- TASK STATEMENT: Copy every record below exactly, leaving out any pictures.

(Records excerpted from a collection)
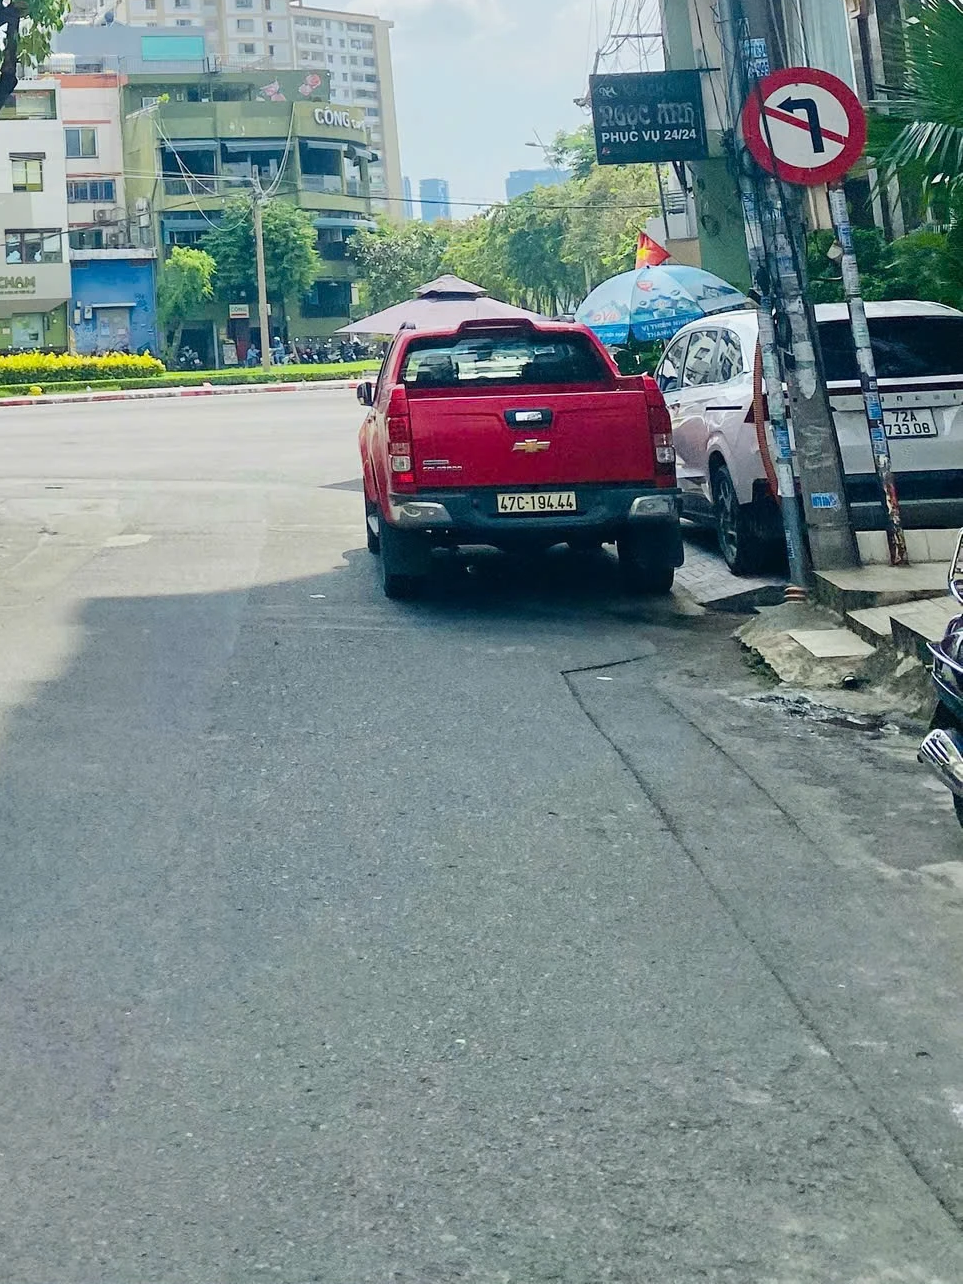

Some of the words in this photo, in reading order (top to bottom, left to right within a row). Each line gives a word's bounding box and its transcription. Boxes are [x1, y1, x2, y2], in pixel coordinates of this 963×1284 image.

[601, 131, 639, 144] PHỤC
[642, 130, 661, 143] VỤ
[664, 128, 696, 141] 24/24
[892, 410, 917, 423] 72A
[884, 423, 930, 435] 733.08
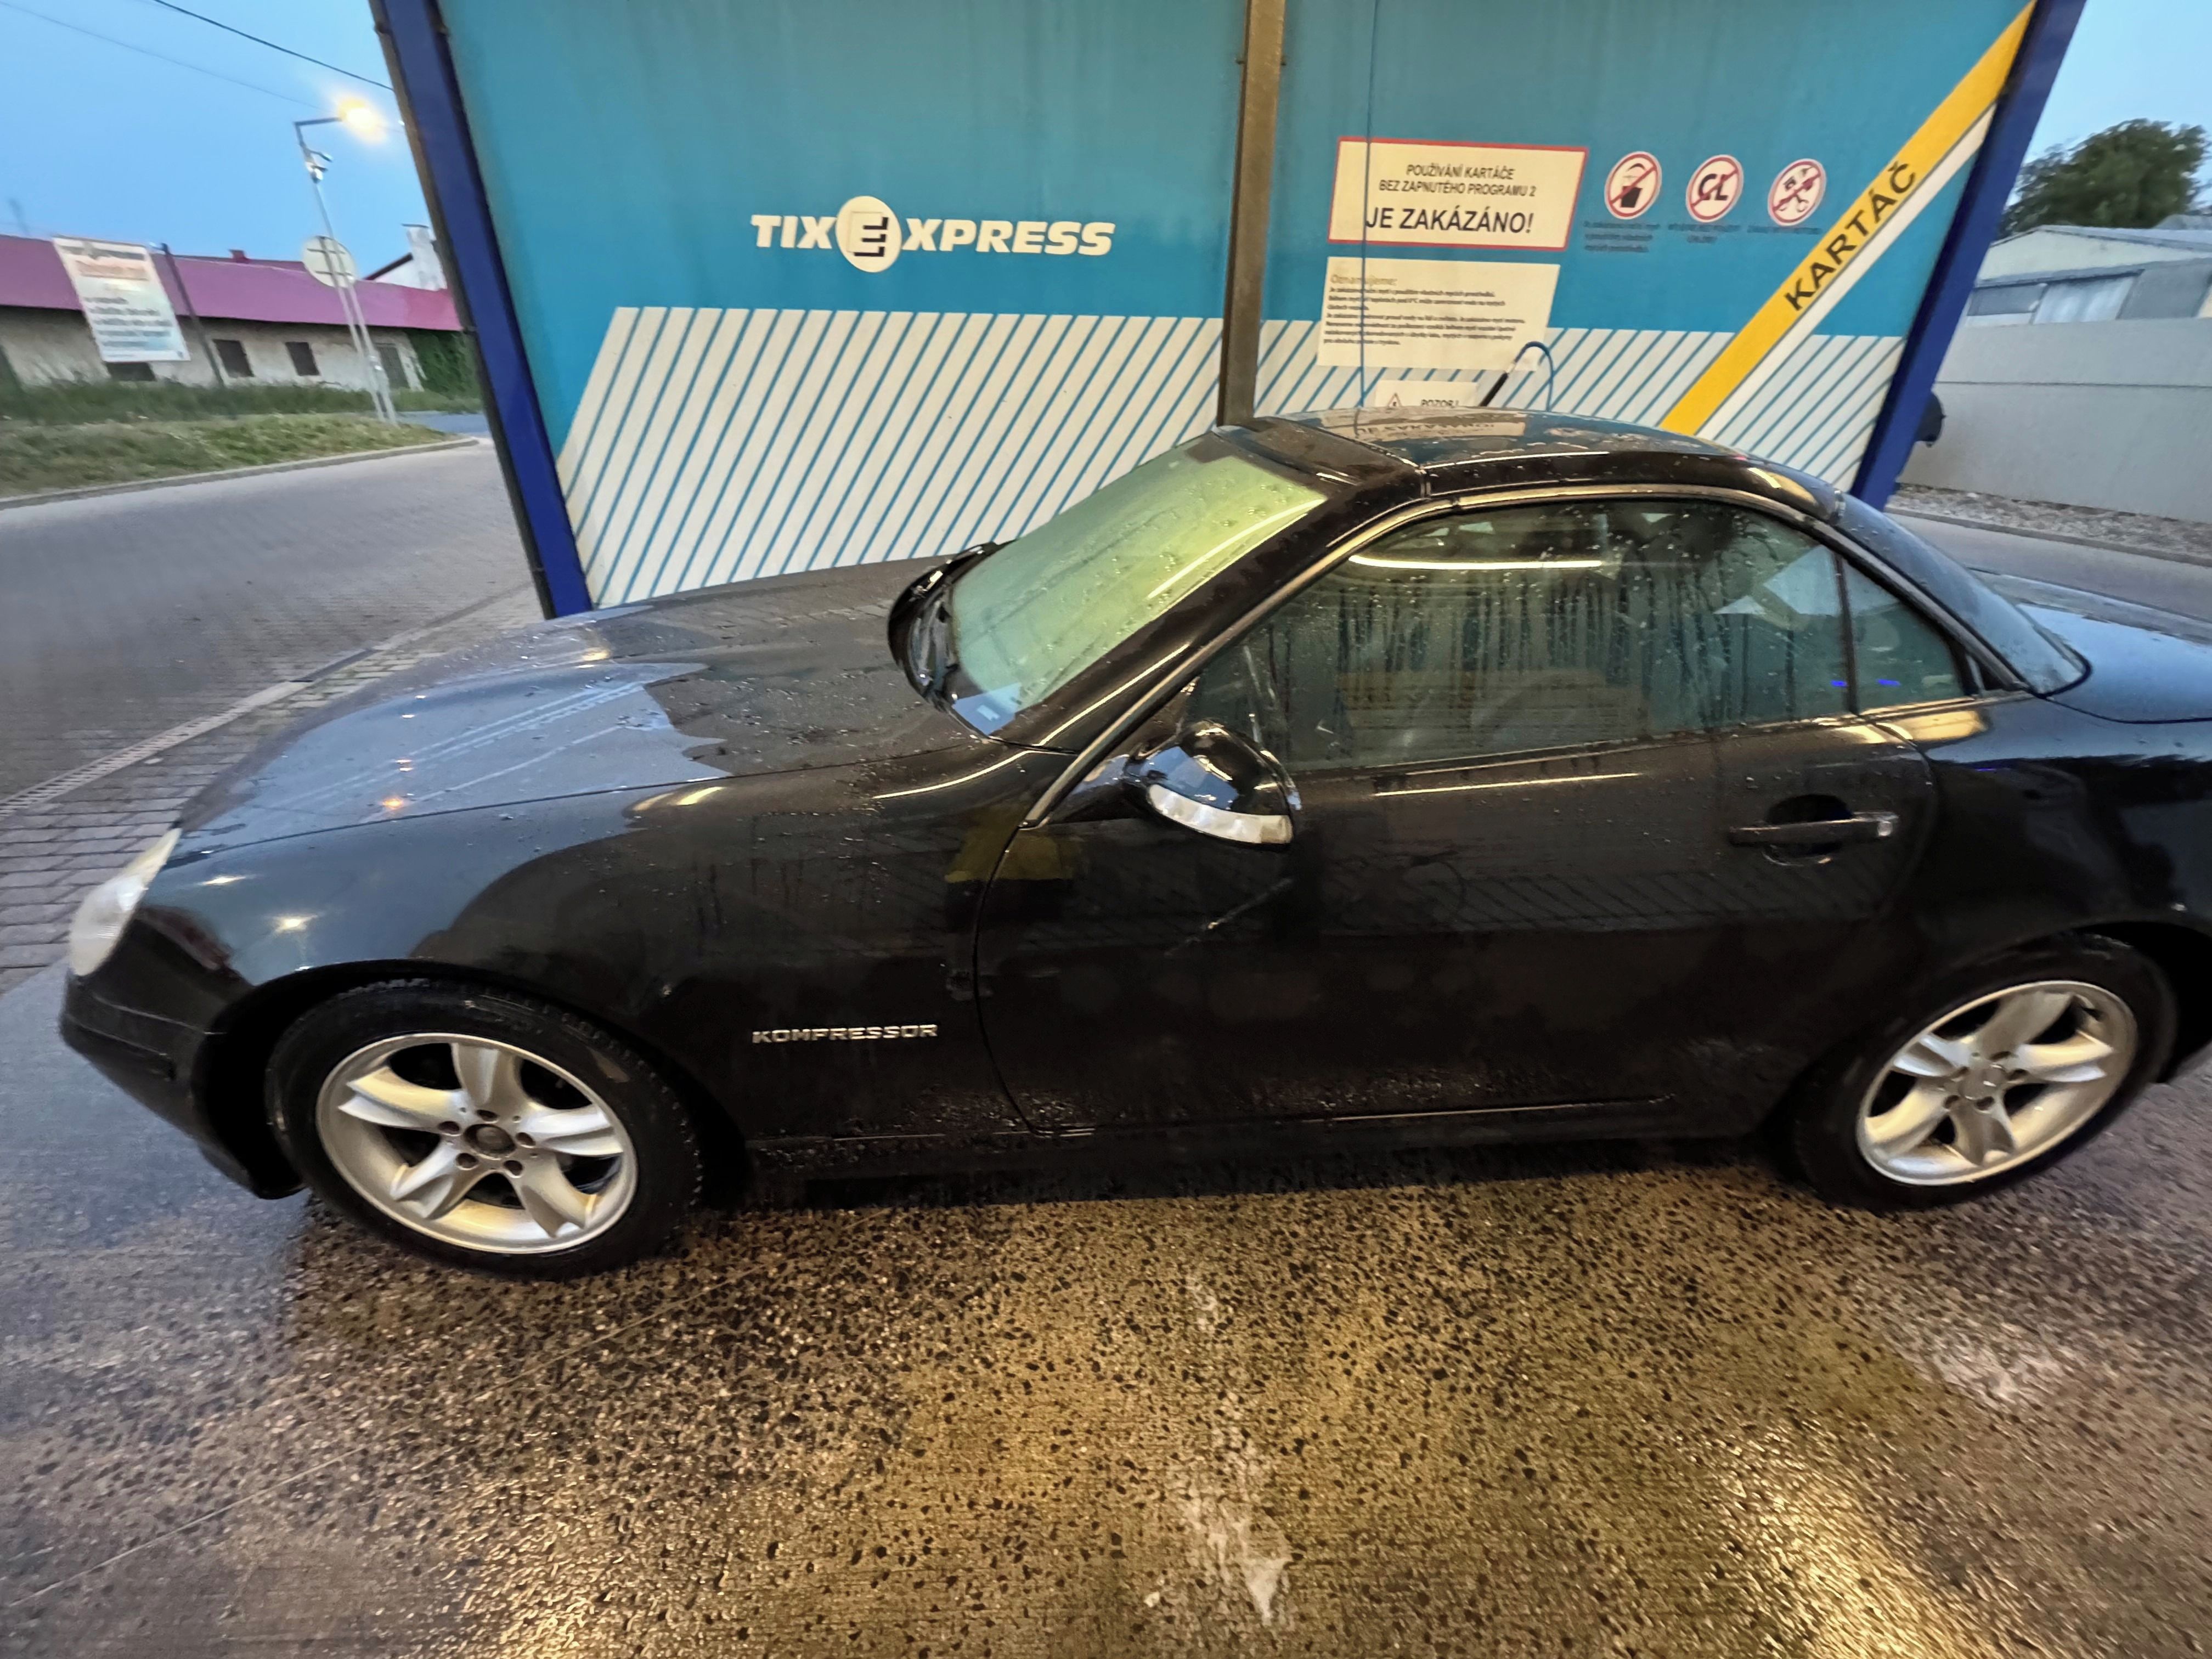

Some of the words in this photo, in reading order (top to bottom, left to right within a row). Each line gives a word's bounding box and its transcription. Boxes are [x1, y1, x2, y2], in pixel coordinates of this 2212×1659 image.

[1406, 162, 1463, 178] POUŽÍVÁNÍ
[1464, 165, 1515, 180] KARTÁČE
[1379, 179, 1400, 191] BEZ
[1401, 180, 1465, 194] ZAPNUTÉHO
[1467, 183, 1528, 196] PROGRAMU
[1529, 185, 1537, 197] 2
[1365, 207, 1395, 228] JE
[1399, 205, 1534, 234] ZAKÁZÁNO!
[1784, 161, 1915, 311] KARTÁČ
[752, 1024, 938, 1043] KOMPRESSOR

- ANSWER SPACE:
Some of the words in this photo, in reading order (top to bottom, left to right within a row). Each line gives a word's bounding box and its transcription. Boxes are [x1, y1, x2, y2], in pixel coordinates of this 963×1284 image.

[601, 131, 639, 144] PHỤC
[642, 130, 661, 143] VỤ
[664, 128, 696, 141] 24/24
[892, 410, 917, 423] 72A
[884, 423, 930, 435] 733.08

Some of the words in this photo, in reading order (top to bottom, left to right within a row). Each line gives a word's bounding box and its transcription. Boxes are [x1, y1, x2, y2], in pixel coordinates of this 2212×1659 image.

[1406, 162, 1463, 178] POUŽÍVÁNÍ
[1464, 165, 1515, 180] KARTÁČE
[1379, 179, 1400, 191] BEZ
[1401, 180, 1465, 194] ZAPNUTÉHO
[1467, 183, 1528, 196] PROGRAMU
[1529, 185, 1537, 197] 2
[1365, 207, 1395, 228] JE
[1399, 205, 1534, 234] ZAKÁZÁNO!
[1784, 161, 1915, 311] KARTÁČ
[752, 1024, 938, 1043] KOMPRESSOR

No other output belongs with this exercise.